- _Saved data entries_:
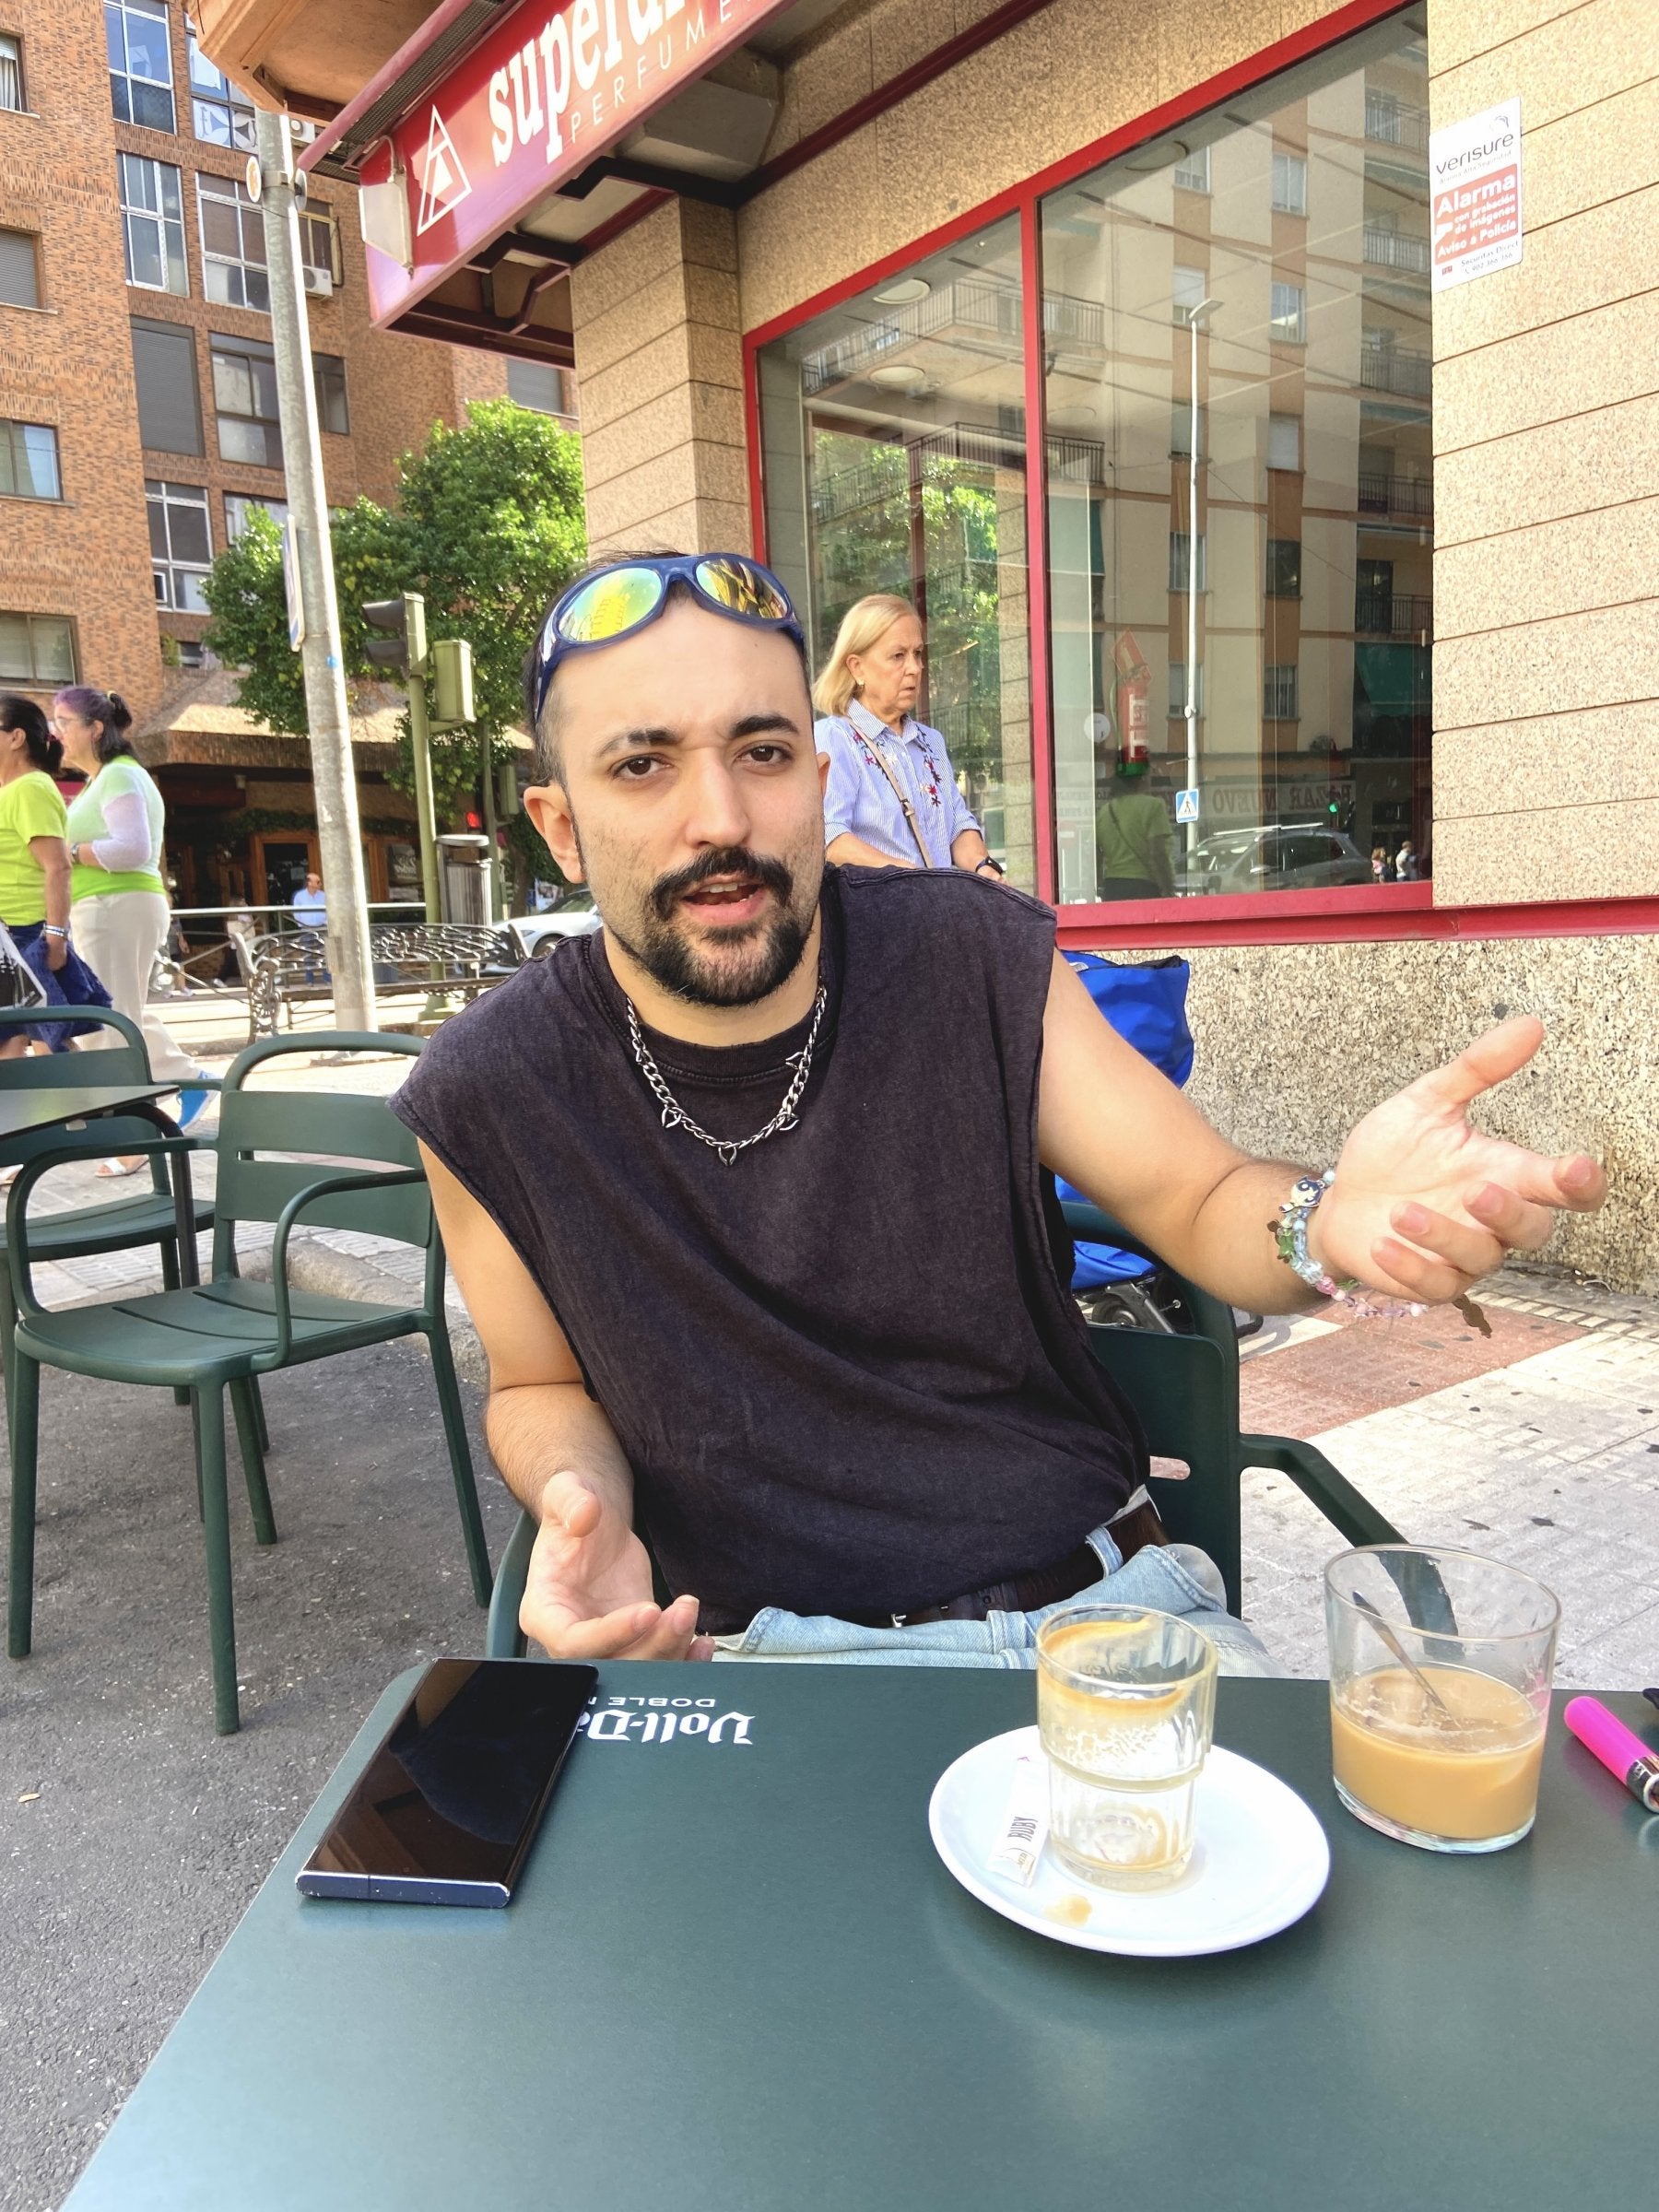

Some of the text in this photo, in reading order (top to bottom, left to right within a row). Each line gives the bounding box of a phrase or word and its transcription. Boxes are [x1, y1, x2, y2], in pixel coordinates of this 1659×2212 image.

[571, 0, 750, 144] PERFUME
[1435, 134, 1514, 175] verisure
[1436, 174, 1515, 218] Alarma
[1453, 194, 1516, 224] con grabación
[1454, 205, 1516, 235] de imágenes
[1437, 219, 1516, 259] Aviso a Policía
[1461, 239, 1519, 267] Securitas Direct
[608, 1696, 716, 1708] DOBLE
[1006, 1816, 1039, 1842] RUBY
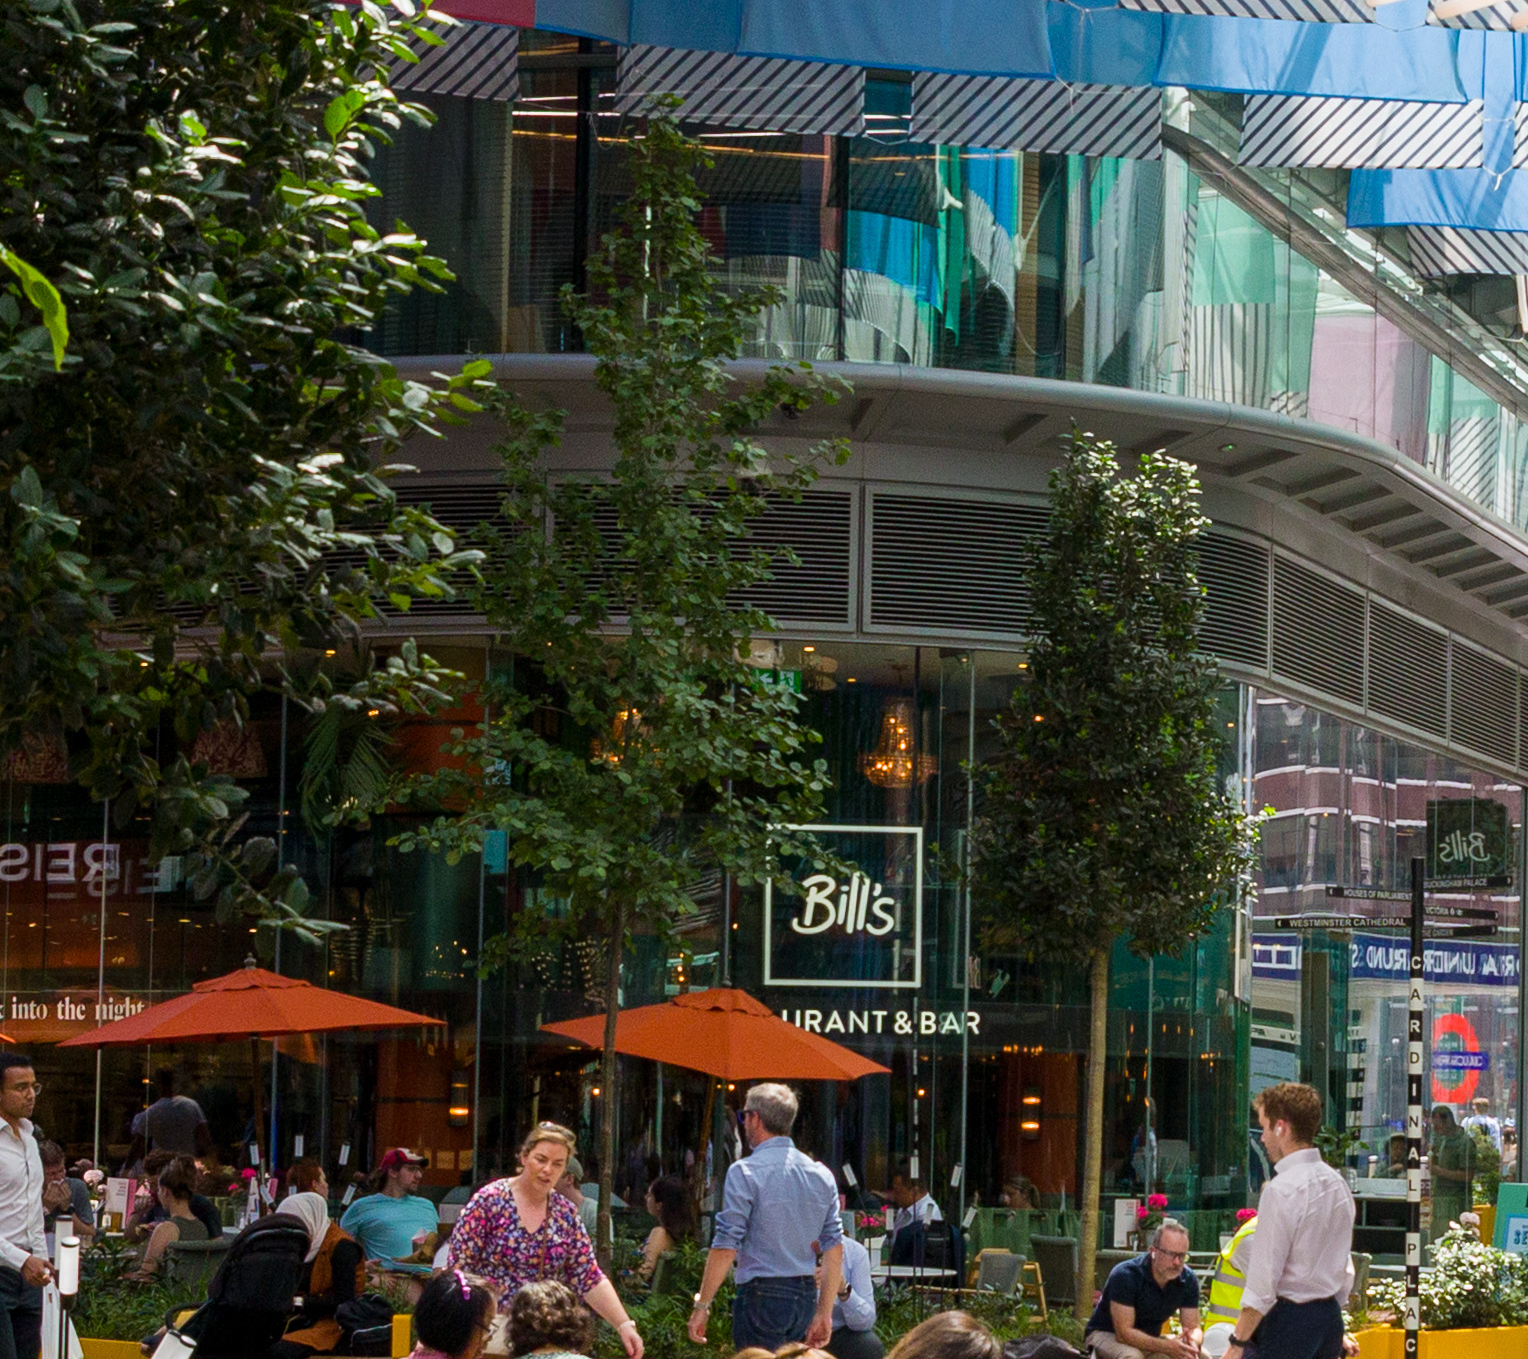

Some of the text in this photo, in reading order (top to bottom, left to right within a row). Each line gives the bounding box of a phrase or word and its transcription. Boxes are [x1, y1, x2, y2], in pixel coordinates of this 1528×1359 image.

[1344, 888, 1369, 897] HOUSES
[1372, 889, 1380, 898] OF
[1462, 877, 1488, 887] PALACE
[792, 871, 895, 936] Bill's
[1290, 918, 1406, 928] WESTMINSTER CATHEDRAL
[12, 996, 48, 1020] into
[57, 997, 86, 1020] the
[894, 1010, 913, 1035] &
[921, 1011, 981, 1035] BAR
[1408, 955, 1422, 1193] CARDINAL
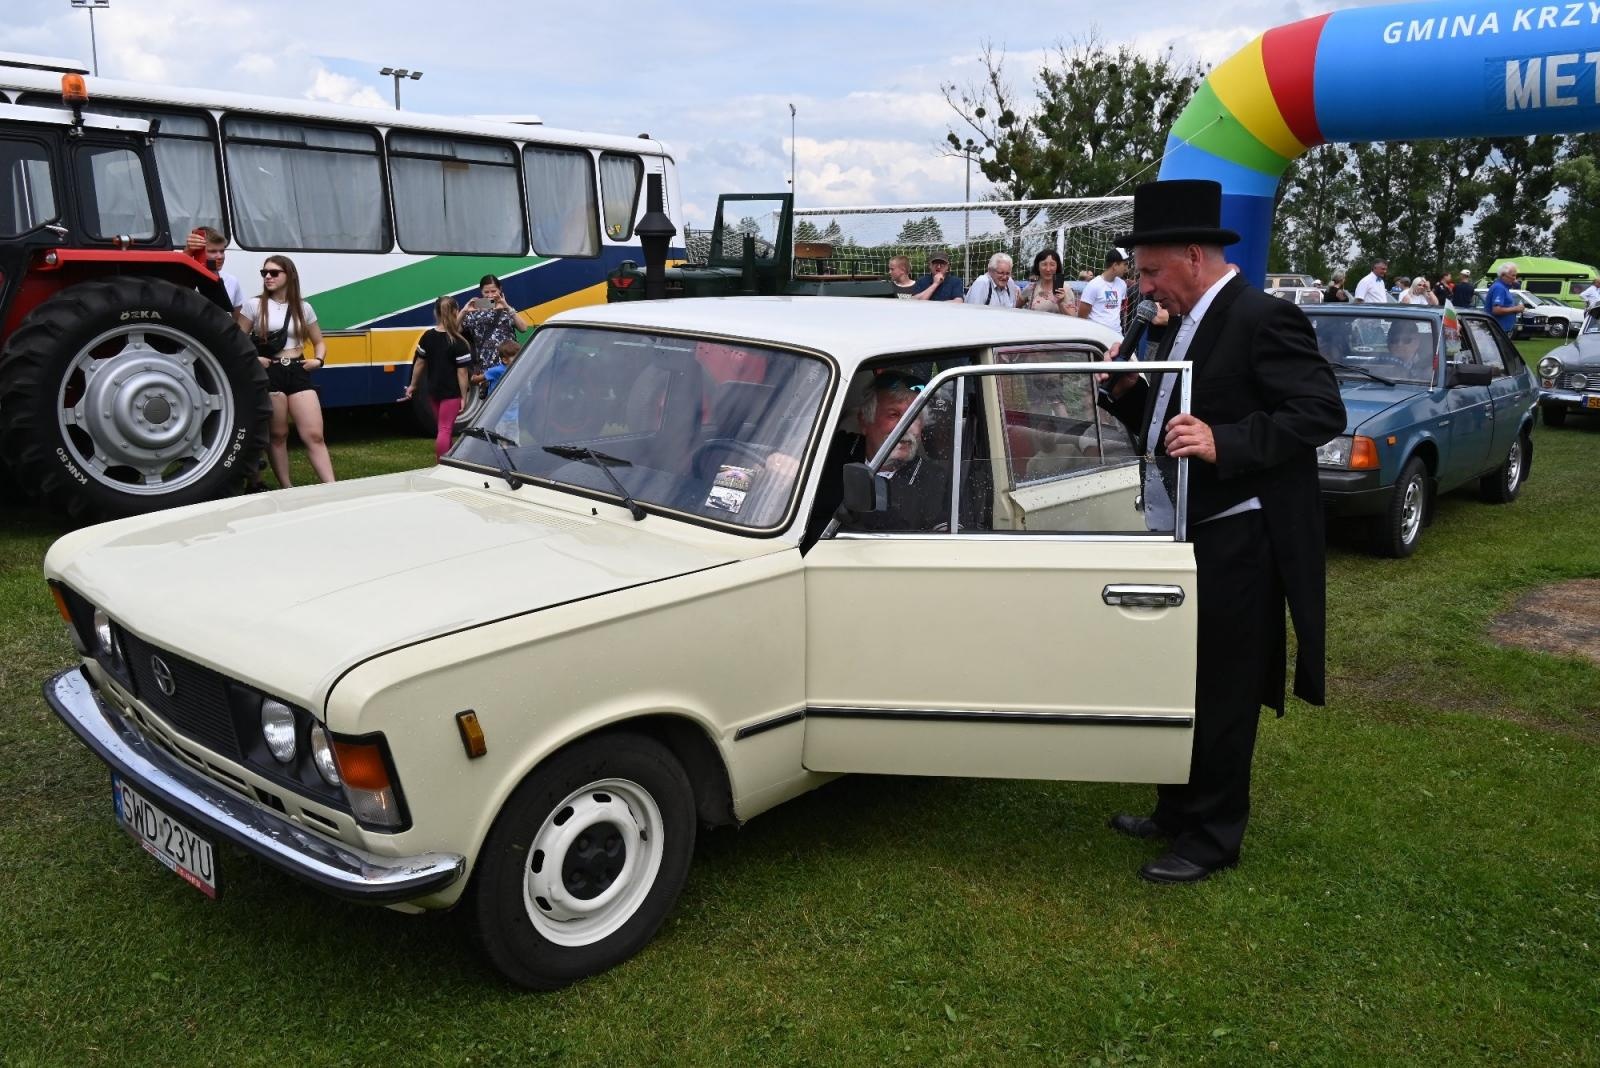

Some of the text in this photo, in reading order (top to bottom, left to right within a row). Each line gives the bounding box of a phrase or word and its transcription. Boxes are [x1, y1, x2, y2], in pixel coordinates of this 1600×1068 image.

[1383, 12, 1499, 44] GMINA
[224, 427, 246, 468] 13.6-36
[122, 786, 158, 842] SWD
[163, 817, 212, 881] 23YU

- _WHAT YOU ARE ASKED TO DO_: Write out exactly, please, the lines that start at the one containing "this 1528×1359 image." and run through the final line of the entries, both included, leaving pictures out.

- _ANSWER FOR THE TASK_:
Some of the text in this photo, in reading order (top to bottom, left to right within a row). Each line gives the bounding box of a phrase or word and its transcription. Boxes are [x1, y1, x2, y2], in pixel coordinates of this 1528×1359 image.

[1344, 888, 1369, 897] HOUSES
[1372, 889, 1380, 898] OF
[1462, 877, 1488, 887] PALACE
[792, 871, 895, 936] Bill's
[1290, 918, 1406, 928] WESTMINSTER CATHEDRAL
[12, 996, 48, 1020] into
[57, 997, 86, 1020] the
[894, 1010, 913, 1035] &
[921, 1011, 981, 1035] BAR
[1408, 955, 1422, 1193] CARDINAL

Some of the text in this photo, in reading order (top to bottom, left to right within a row). Each line gives the bounding box of a phrase or word and its transcription. Boxes are [x1, y1, x2, y2], in pixel coordinates of this 1600×1068 image.

[1383, 12, 1499, 44] GMINA
[224, 427, 246, 468] 13.6-36
[122, 786, 158, 842] SWD
[163, 817, 212, 881] 23YU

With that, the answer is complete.